Genetic and Pharmacological Demonstration of Differential Recruitment of cAMP-Dependent Protein Kinases by Synaptic Activity

 ¹Department of Physiology and  ²Division of Neuroscience, University of Alberta School of Medicine, Edmonton, Alberta T6G 2H7, Canada; and  ³Department of Biology and Neuroscience Graduate Group, University of Pennsylvania, Philadelphia, Pennsylvania 19104

Woo, Newton H., Steven N. Duffy, Ted Abel, and Peter V. Nguyen. Genetic and Pharmacological Demonstration of Differential Recruitment of cAMP-Dependent Protein Kinases by Synaptic Activity. J. Neurophysiol. 84: 2739-2745, 2000. cAMP-dependent protein kinase (PKA) is believed to play a critical role in the expression of long-lasting forms of hippocampal long-term potentiation (LTP). Can distinct patterns of synaptic activity induce forms of LTP that require different isoforms of PKA? To address this question, we used transgenic mice that have genetically reduced hippocampal PKA activity, and a specific pharmacological inhibitor of PKA, Rp-cAMPS. Transgenic mice [R(AB) mice] that express an inhibitory form of a particular type of regulatory subunit of PKA (type-I) showed significantly reduced LTP in area CA1 of hippocampal slices as compared with slices from wild-type mice.
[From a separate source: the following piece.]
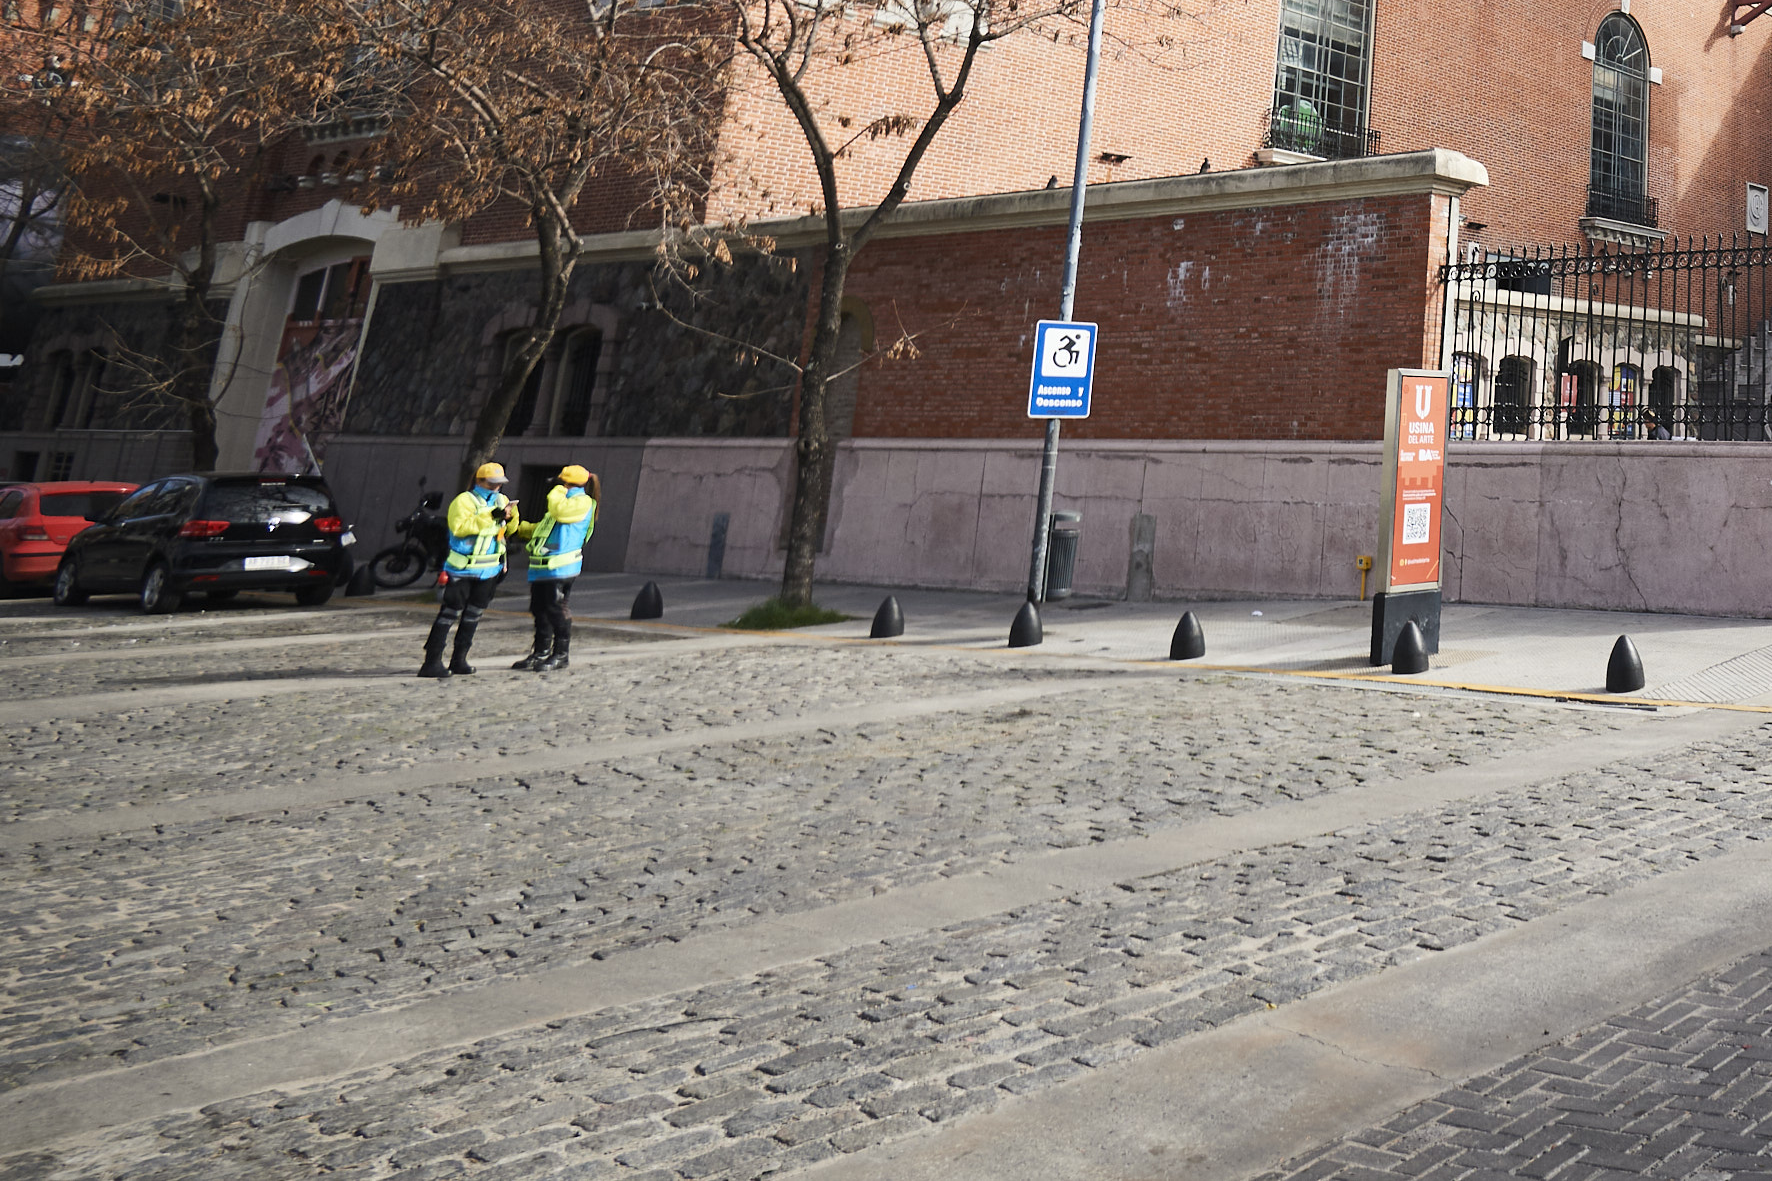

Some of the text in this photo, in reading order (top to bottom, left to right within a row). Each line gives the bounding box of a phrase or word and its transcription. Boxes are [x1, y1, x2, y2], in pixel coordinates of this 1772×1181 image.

This impairment of LTP expression was evident when LTP was induced by applying repeated, temporally spaced stimulation (4 1-s bursts of 100-Hz applied once every 5 min). In contrast, LTP induced by applying just 60 pulses in a theta-burst pattern was normal in slices from R(AB) mice as compared with slices from wild-type mice. We found that Rp-cAMPS blocked the expression of LTP induced by both spaced tetra-burst and compressed theta-burst stimulation in hippocampal slices of wild-type and R(AB) mice, respectively. Since Rp-cAMPS is a PKA inhibitor that is not selective for any particular isoform of PKA and these R(AB) mice show reduced hippocampal PKA activity resulting from genetic manipulation of a single isoform of PKA regulatory subunit, our data support the idea that distinct patterns of synaptic activity can produce different forms of LTP that significantly engage different isoforms of PKA. In particular, theta-burst LTP significantly recruits isoforms of PKA containing regulatory subunits other than the mutant RI subunit, whereas tetra-burst LTP requires PKA isoforms containing the mutant RI subunit. Thus, altering both the total amount of imposed synaptic activity and the temporal spacing between bursts of imposed activity may subtly modulate the PKA dependence of hippocampal LTP by engaging distinct isoforms of PKA. In a broader context, our findings suggest that synaptic plasticity in the mammalian brain might be importantly regulated by activity-dependent recruitment of different isoforms of key signal transduction molecules.